● **About this task**: Restate word for word all of the lines below, with each image left out.

[Start of section]

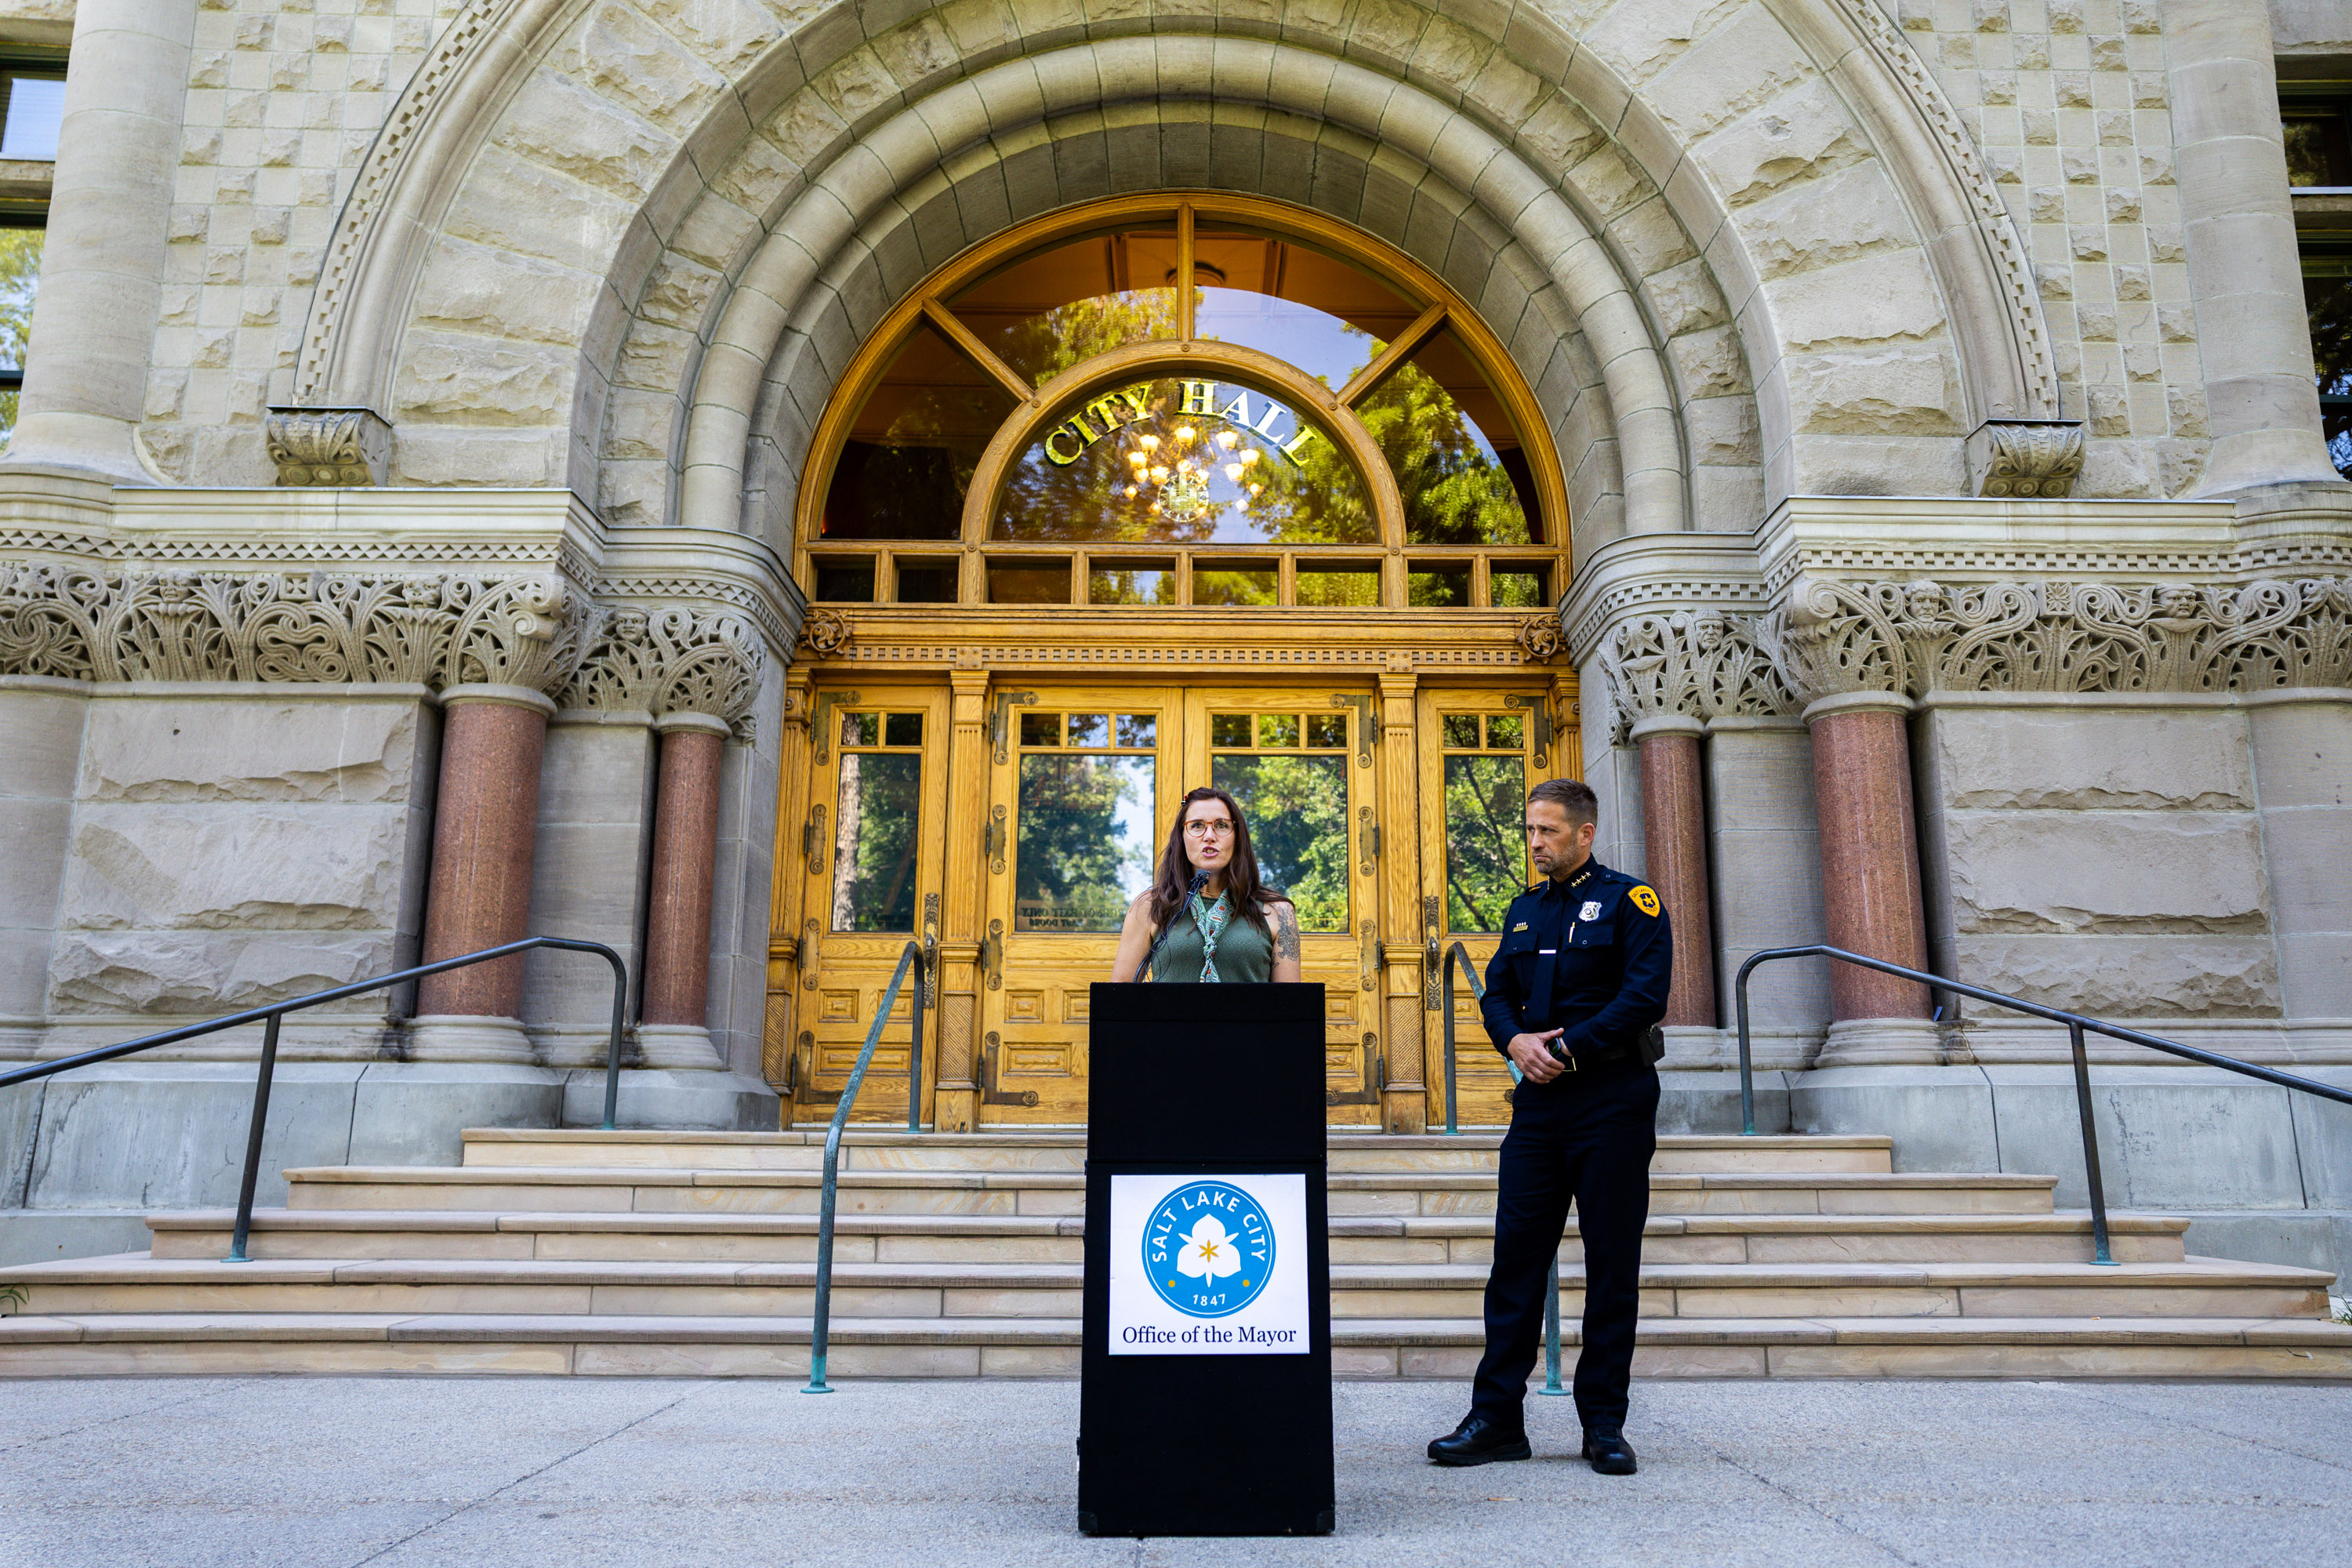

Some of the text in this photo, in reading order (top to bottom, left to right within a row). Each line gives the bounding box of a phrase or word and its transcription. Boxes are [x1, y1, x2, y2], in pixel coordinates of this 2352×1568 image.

[1044, 380, 1318, 467] CITY HALL
[1152, 1191, 1266, 1263] SALT LAKE CITY
[1192, 1294, 1226, 1306] 1847
[1123, 1326, 1297, 1347] Office of the Mayor

[End of section]

● **Answer section**:
Some of the text in this photo, in reading order (top to bottom, left to right within a row). Each line gives the bounding box of a phrase or word and its transcription. Boxes are [x1, y1, x2, y2], in pixel coordinates of this 2352×1568 image.

[1044, 380, 1318, 467] CITY HALL
[1152, 1191, 1266, 1263] SALT LAKE CITY
[1192, 1294, 1226, 1306] 1847
[1123, 1326, 1297, 1347] Office of the Mayor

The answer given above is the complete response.